» **Material supplied**
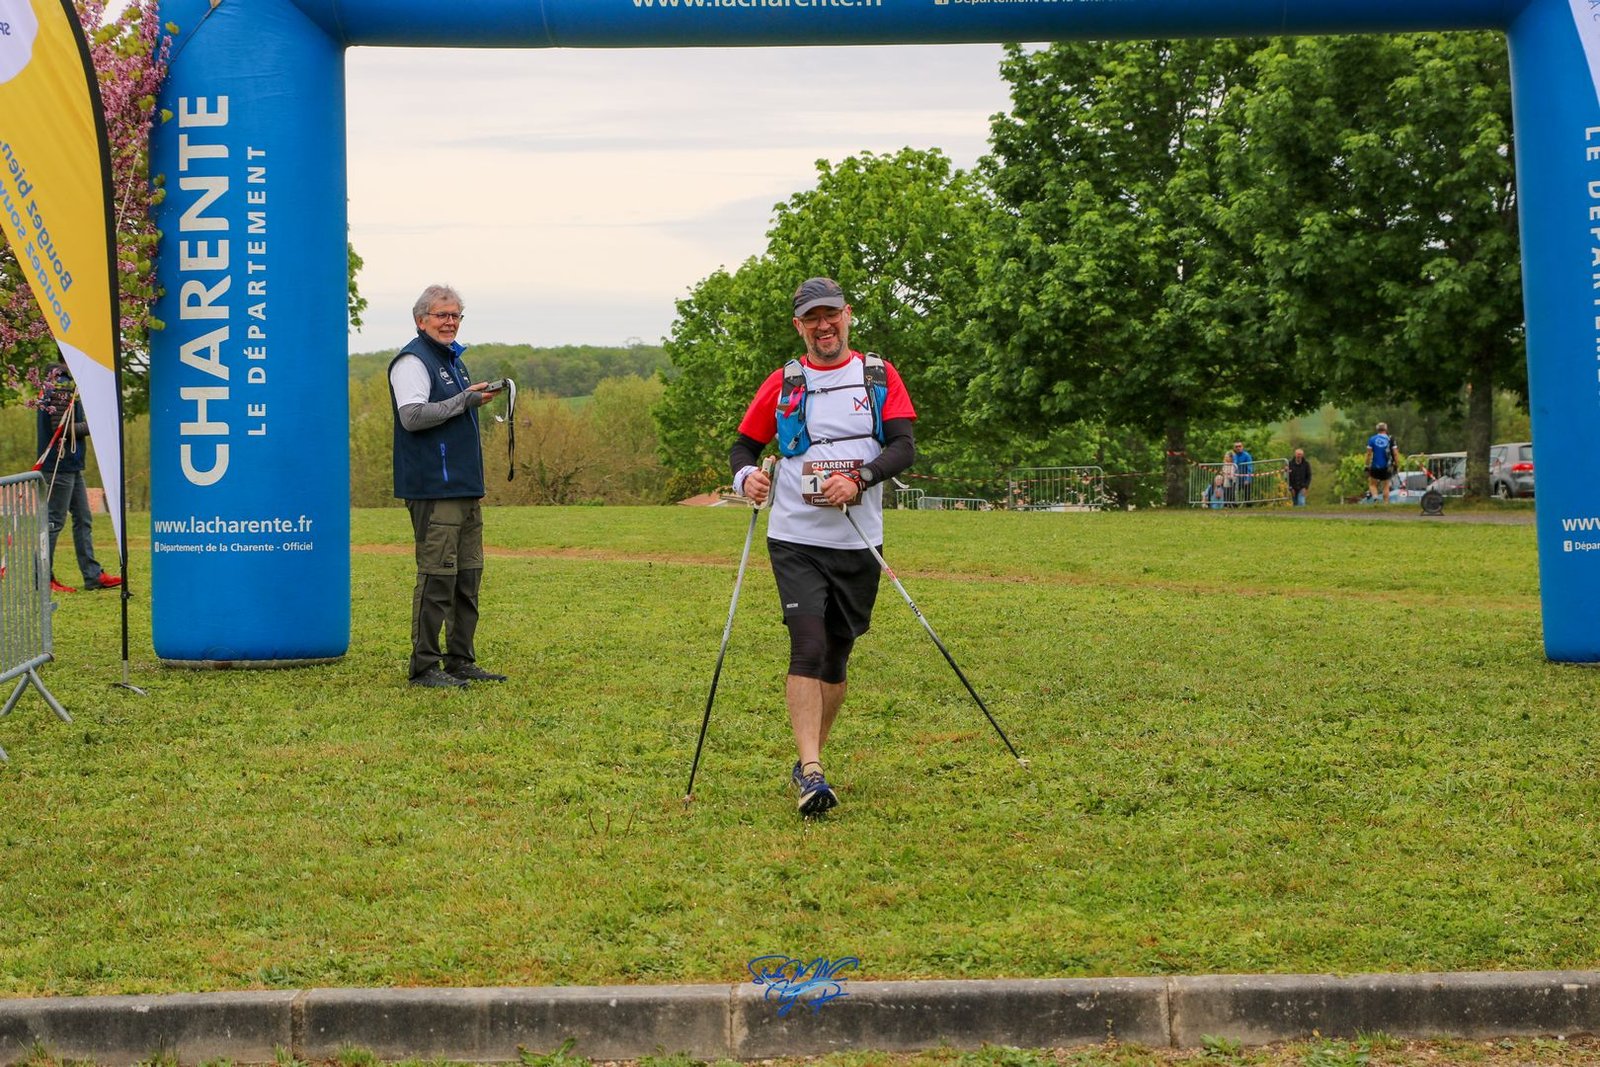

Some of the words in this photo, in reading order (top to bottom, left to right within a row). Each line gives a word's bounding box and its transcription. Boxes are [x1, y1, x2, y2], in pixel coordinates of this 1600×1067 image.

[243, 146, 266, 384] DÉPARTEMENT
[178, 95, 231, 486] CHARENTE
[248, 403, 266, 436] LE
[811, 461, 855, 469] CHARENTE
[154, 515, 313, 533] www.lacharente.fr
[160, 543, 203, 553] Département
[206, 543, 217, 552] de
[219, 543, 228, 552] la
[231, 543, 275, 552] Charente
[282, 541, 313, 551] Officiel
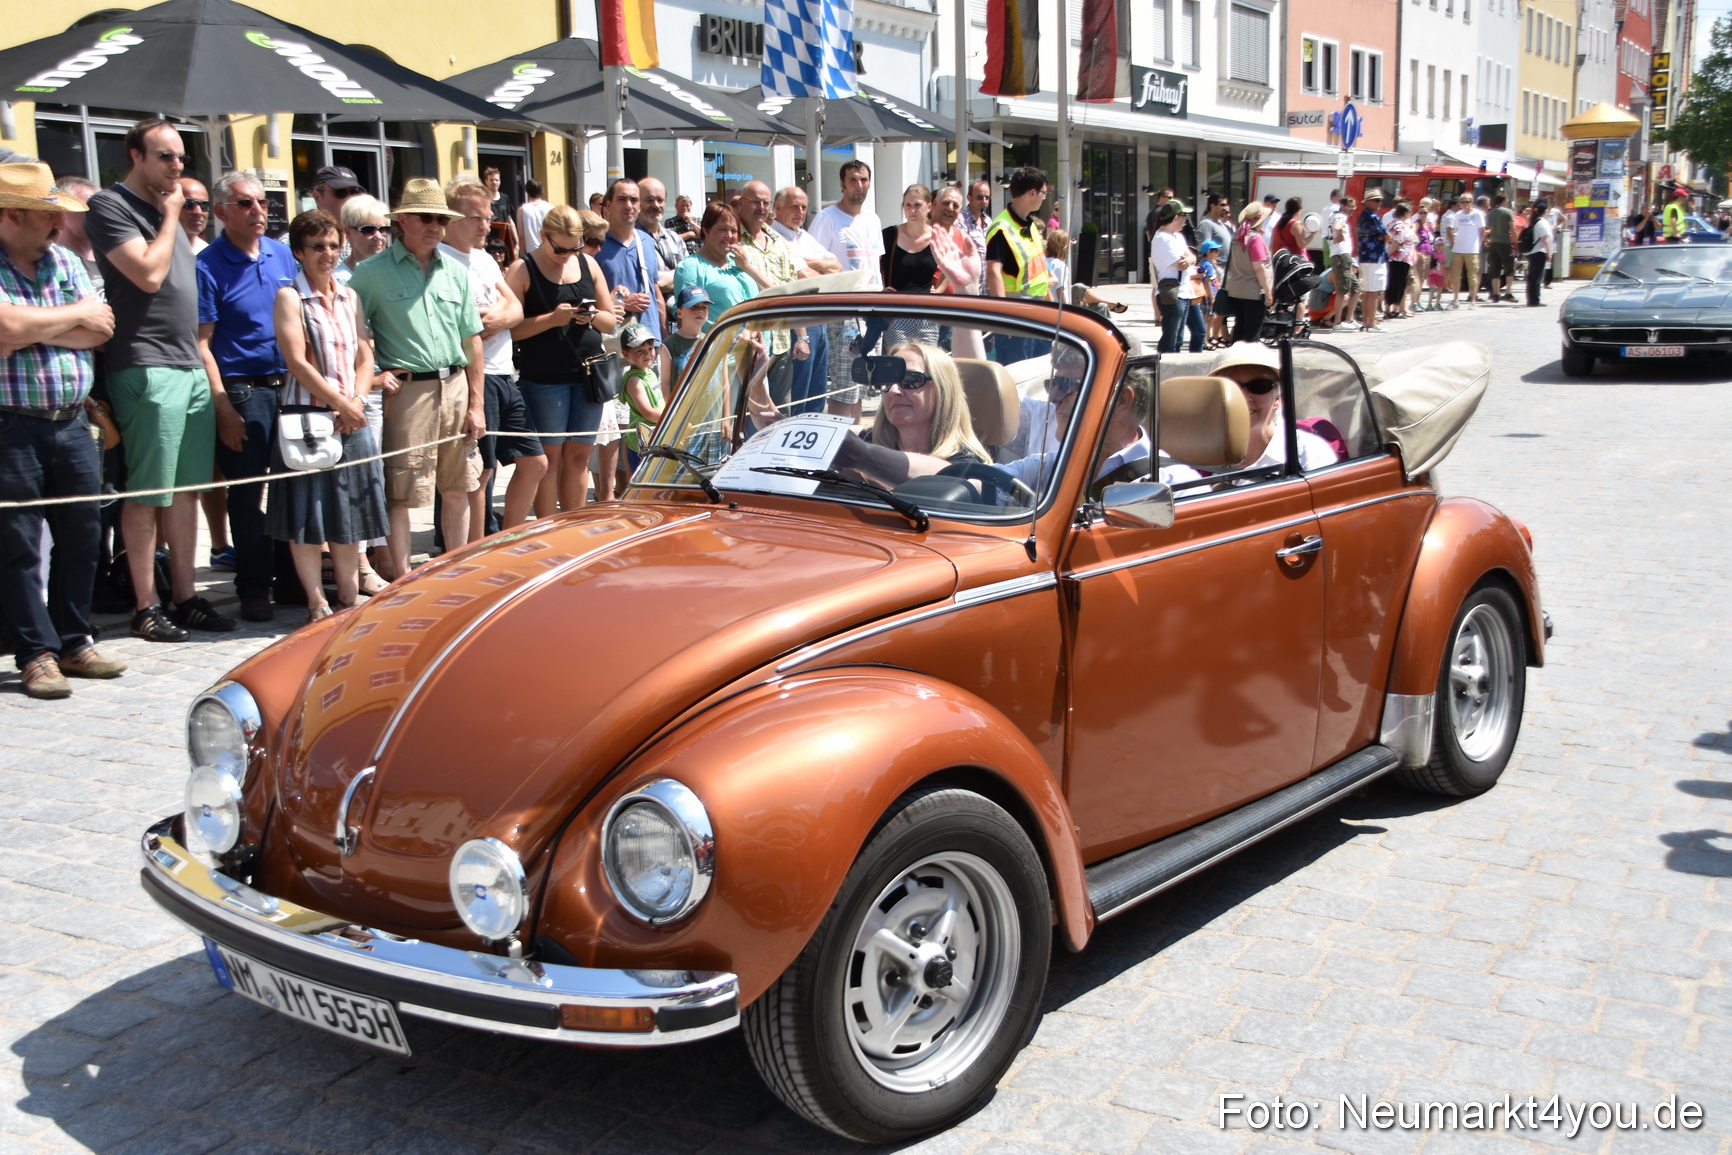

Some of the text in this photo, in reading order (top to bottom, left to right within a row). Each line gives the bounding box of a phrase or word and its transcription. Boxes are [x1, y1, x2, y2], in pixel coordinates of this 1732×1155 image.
* * *
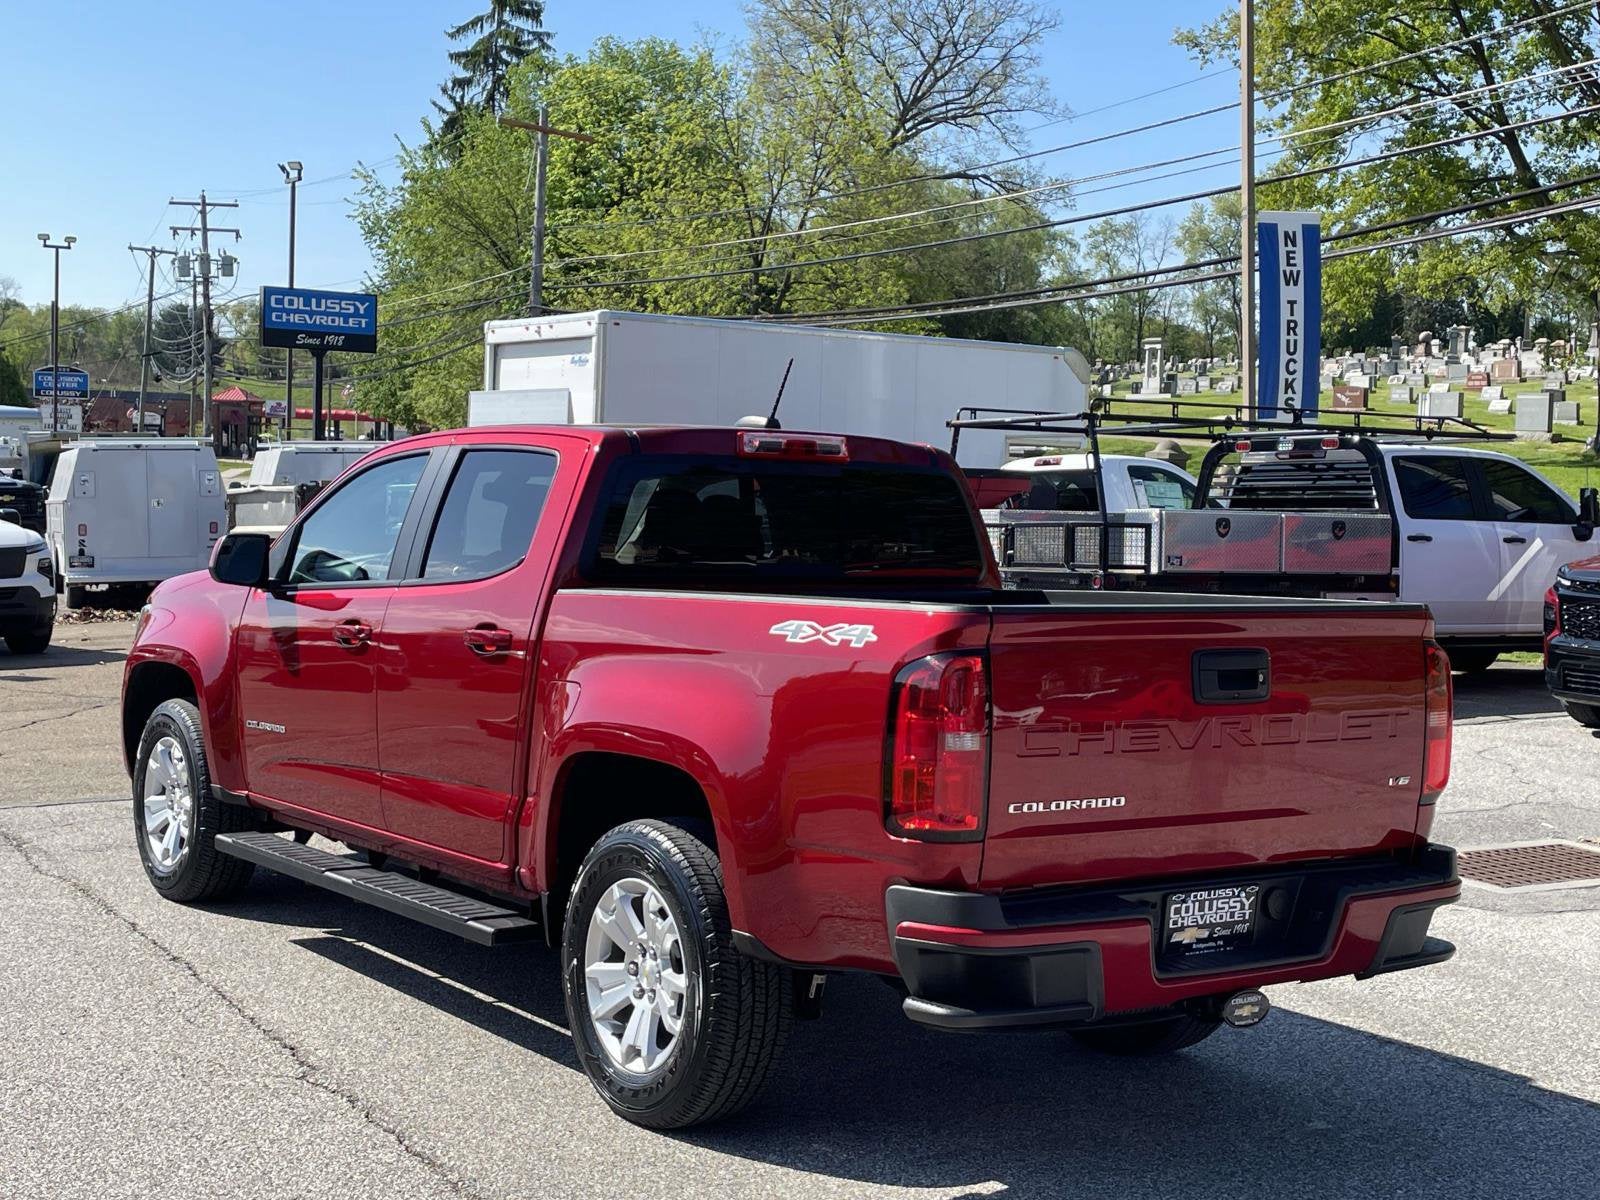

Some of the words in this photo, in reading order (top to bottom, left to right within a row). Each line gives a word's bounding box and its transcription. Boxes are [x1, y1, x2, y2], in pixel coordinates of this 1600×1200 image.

» **Exercise objective**
Exactly as written above, retype the lines starting at the one holding "this 1600×1067 image." and ending at the one holding "Some of the text", both included, but not the pictures.

» **Written reply**
Some of the words in this photo, in reading order (top to bottom, left to right within a row). Each line gives a word's bounding box and its transcription. Boxes are [x1, y1, x2, y2], in pixel coordinates of this 1600×1067 image.

[243, 146, 266, 384] DÉPARTEMENT
[178, 95, 231, 486] CHARENTE
[248, 403, 266, 436] LE
[811, 461, 855, 469] CHARENTE
[154, 515, 313, 533] www.lacharente.fr
[160, 543, 203, 553] Département
[206, 543, 217, 552] de
[219, 543, 228, 552] la
[231, 543, 275, 552] Charente
[282, 541, 313, 551] Officiel

Some of the text in this photo, in reading order (top to bottom, left to right within a row). Each line gives the bounding box of a phrase or word and its transcription. Boxes are [x1, y1, x2, y2], in pixel coordinates of this 1732×1155 image.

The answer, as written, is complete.